Tens of thousands fled to Armenia when war broke out in Nagorno-Karabakh in 2020. Not all of them were able to return because Azerbaijan was able to bring large areas of their homeland under its control. In Armenia, they are now trying to start a new life. But for many, the future seems uncertain here as well.
by Niels Bula
“The only thing I still want to see is that my children have a roof over their heads,” says Amalia Babayan. “That is the only thing I still want to hold on to and keep living for.” Amalia is 91 years old and lived in her own house in Berdzor until September. She had moved there from Yerevan with her family in the mid-1990s. Internationally, the town is better known by its Azerbaijani name, Lachin, which gave its name to the Lachin Corridor. Until September it was the link between Nagorno-Karabakh and Armenia, now it is controlled by Azerbaijan.

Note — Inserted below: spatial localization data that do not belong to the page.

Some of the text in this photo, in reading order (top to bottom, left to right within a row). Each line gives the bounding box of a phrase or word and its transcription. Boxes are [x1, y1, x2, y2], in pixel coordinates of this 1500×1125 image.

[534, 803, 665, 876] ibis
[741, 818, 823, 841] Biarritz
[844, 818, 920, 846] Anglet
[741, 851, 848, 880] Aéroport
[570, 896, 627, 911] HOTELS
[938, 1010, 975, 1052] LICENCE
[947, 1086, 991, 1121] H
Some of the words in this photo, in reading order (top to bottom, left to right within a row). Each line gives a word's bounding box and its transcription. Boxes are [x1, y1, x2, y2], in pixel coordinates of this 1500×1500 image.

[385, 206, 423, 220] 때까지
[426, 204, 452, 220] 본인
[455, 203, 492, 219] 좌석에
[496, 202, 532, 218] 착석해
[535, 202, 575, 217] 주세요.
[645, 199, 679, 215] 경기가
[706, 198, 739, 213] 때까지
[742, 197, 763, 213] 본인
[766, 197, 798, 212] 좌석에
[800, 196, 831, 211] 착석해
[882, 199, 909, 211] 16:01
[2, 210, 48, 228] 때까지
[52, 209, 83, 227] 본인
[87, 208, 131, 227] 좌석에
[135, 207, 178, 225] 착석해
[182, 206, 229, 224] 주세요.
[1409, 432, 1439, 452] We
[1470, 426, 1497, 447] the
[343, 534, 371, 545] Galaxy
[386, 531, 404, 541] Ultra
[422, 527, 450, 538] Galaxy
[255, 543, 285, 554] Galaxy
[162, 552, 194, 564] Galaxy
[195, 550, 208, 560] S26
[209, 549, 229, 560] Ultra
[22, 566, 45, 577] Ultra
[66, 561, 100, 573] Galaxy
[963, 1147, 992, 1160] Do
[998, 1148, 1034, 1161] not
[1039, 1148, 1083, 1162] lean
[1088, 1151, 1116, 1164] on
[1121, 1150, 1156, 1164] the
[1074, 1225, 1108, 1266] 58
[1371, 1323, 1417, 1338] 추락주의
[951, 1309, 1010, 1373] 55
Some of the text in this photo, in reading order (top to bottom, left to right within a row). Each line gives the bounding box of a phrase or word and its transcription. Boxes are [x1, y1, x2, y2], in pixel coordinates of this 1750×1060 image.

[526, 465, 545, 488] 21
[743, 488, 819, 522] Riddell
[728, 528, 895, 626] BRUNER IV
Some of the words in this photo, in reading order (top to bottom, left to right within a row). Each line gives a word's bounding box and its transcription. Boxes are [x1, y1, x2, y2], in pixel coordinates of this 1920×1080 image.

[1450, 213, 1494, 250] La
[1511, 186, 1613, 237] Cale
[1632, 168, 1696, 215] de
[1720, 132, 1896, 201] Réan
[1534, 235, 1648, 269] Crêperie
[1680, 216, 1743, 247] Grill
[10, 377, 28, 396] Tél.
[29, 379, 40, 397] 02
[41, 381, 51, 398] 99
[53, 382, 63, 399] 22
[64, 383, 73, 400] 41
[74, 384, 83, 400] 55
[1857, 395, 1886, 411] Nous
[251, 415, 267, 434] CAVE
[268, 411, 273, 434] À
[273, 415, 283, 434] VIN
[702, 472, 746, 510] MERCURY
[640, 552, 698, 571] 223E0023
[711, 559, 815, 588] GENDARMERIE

Amalia had to leave her house. Now she has only about 15 square meters, which she shares with one of her daughters and sometimes with her grandson when he visits. “I sleep there,” she says, pointing to a folding bed. During the day, it is folded up against the wall, covered with a tablecloth, and serves as a kind of shelf. They got the bed, a table, cupboards, an armchair and a small sofa from contacts in Yerevan.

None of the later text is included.